__Phrase grounding data__.

◆ ◆ ◆ ◆ ◆ ◆ ◆

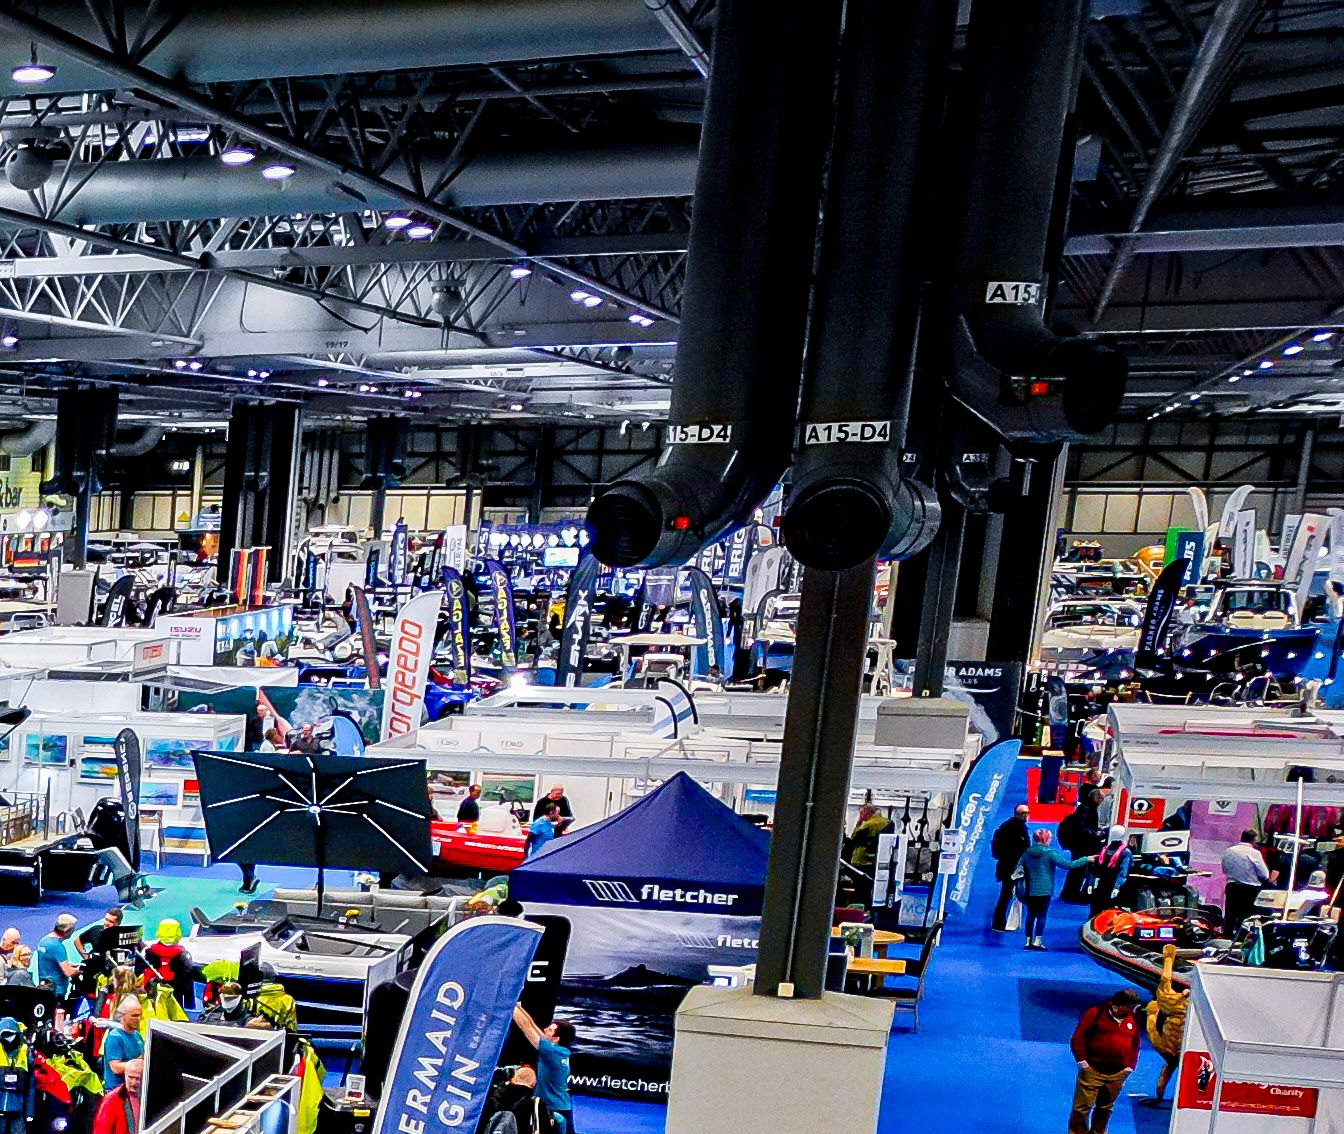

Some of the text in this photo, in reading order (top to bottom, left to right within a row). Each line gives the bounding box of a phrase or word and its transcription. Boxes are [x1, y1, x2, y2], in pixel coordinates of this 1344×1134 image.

[668, 425, 730, 443] 15-D4
[806, 423, 890, 442] A15-D4
[728, 529, 745, 577] BRIG
[170, 626, 202, 634] ISUZU
[959, 667, 1003, 678] ADAMS
[984, 772, 1005, 803] Boat
[641, 883, 739, 907] fletcher
[437, 1053, 481, 1128] GIN
[1269, 1087, 1305, 1099] Charity
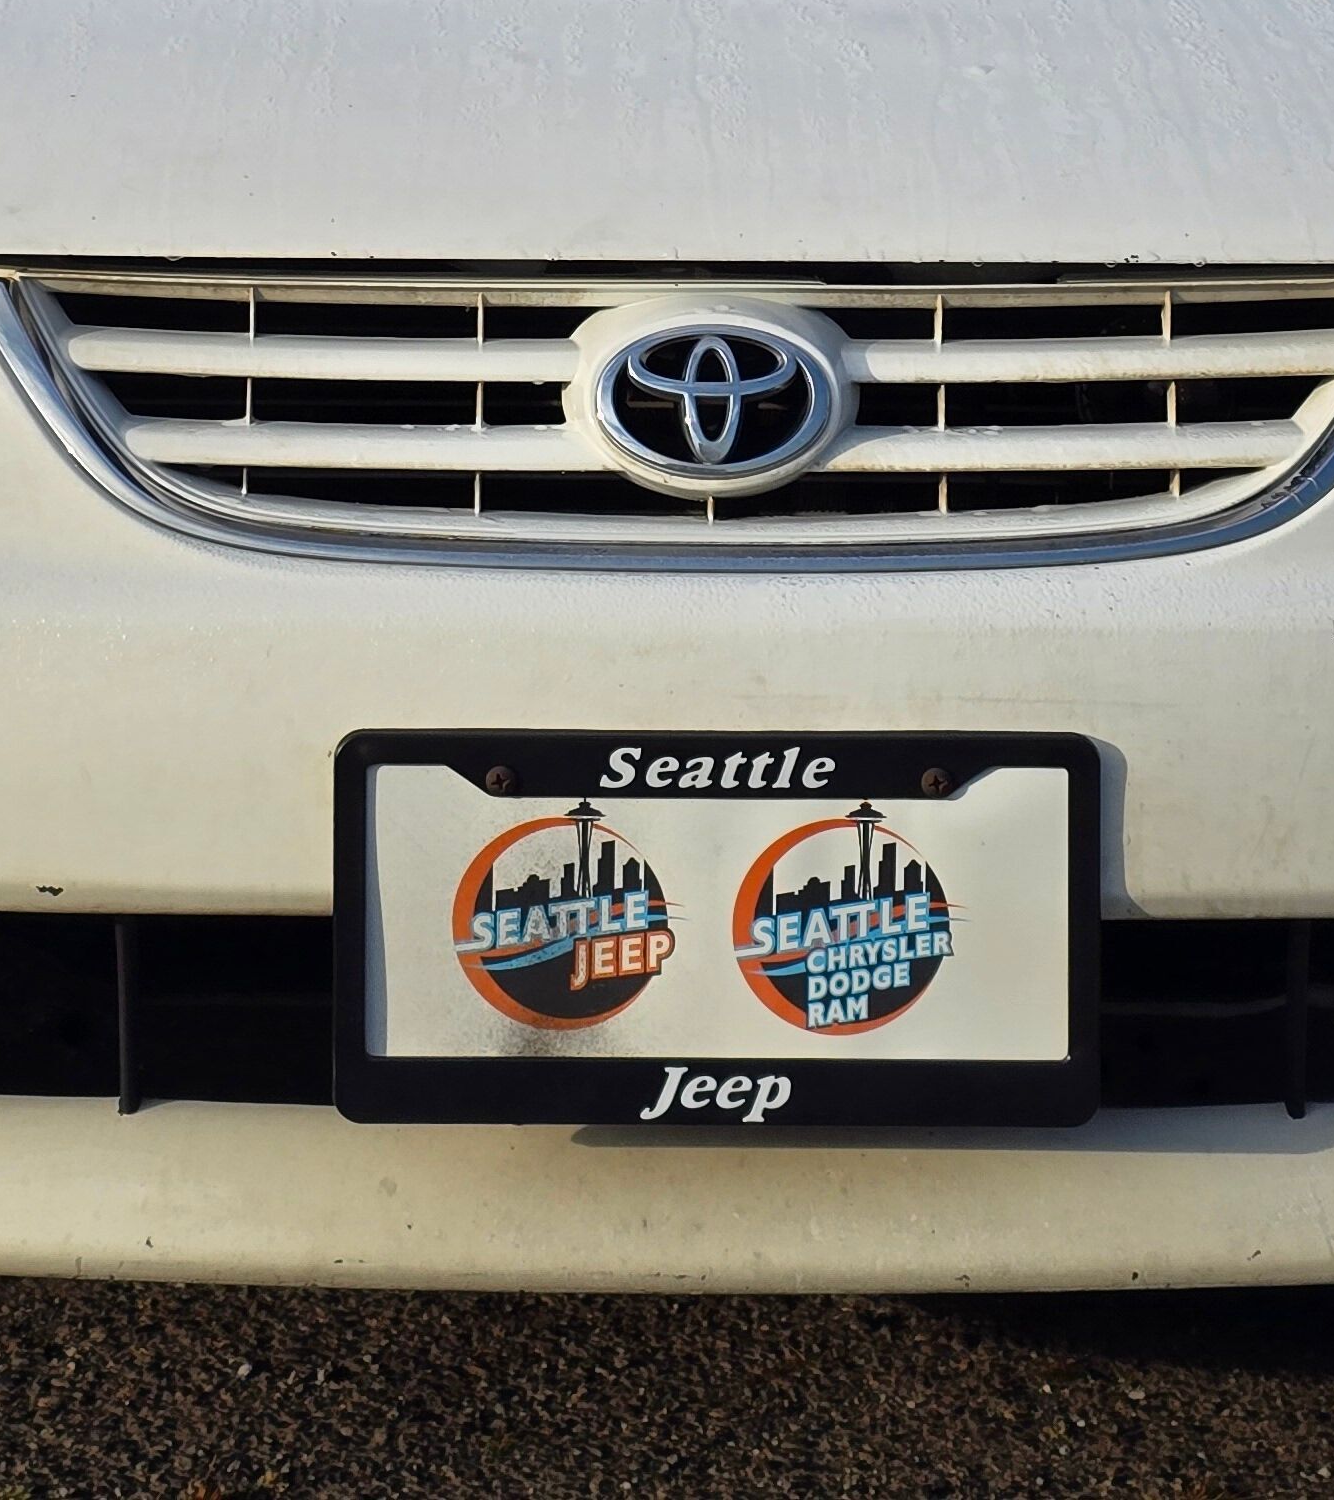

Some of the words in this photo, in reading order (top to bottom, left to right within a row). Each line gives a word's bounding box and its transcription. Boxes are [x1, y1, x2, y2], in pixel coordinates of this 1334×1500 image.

[599, 746, 836, 789] Seattle
[466, 890, 649, 952] SEATTLE
[745, 892, 931, 959] SEATTLE
[570, 929, 677, 991] JEEP
[805, 931, 954, 974] CHRYSLER
[807, 961, 910, 1001] DODGE
[807, 994, 868, 1029] RAM
[639, 1066, 792, 1123] Jeep

◆ ◆ ◆ ◆ ◆ ◆ ◆

__WORK TO COMPLETE__.
Please return every record above exactly, but leave out the pictures.

__ANSWER BOX__.
Some of the text in this photo, in reading order (top to bottom, left to right within a row). Each line gives the bounding box of a phrase or word and its transcription. Boxes are [x1, y1, x2, y2], in pixel coordinates of this 1344×1134 image.

[668, 425, 730, 443] 15-D4
[806, 423, 890, 442] A15-D4
[728, 529, 745, 577] BRIG
[170, 626, 202, 634] ISUZU
[959, 667, 1003, 678] ADAMS
[984, 772, 1005, 803] Boat
[641, 883, 739, 907] fletcher
[437, 1053, 481, 1128] GIN
[1269, 1087, 1305, 1099] Charity

Some of the words in this photo, in reading order (top to bottom, left to right within a row). Each line gives a word's bounding box and its transcription. Boxes are [x1, y1, x2, y2], in pixel coordinates of this 1334×1500 image.

[599, 746, 836, 789] Seattle
[466, 890, 649, 952] SEATTLE
[745, 892, 931, 959] SEATTLE
[570, 929, 677, 991] JEEP
[805, 931, 954, 974] CHRYSLER
[807, 961, 910, 1001] DODGE
[807, 994, 868, 1029] RAM
[639, 1066, 792, 1123] Jeep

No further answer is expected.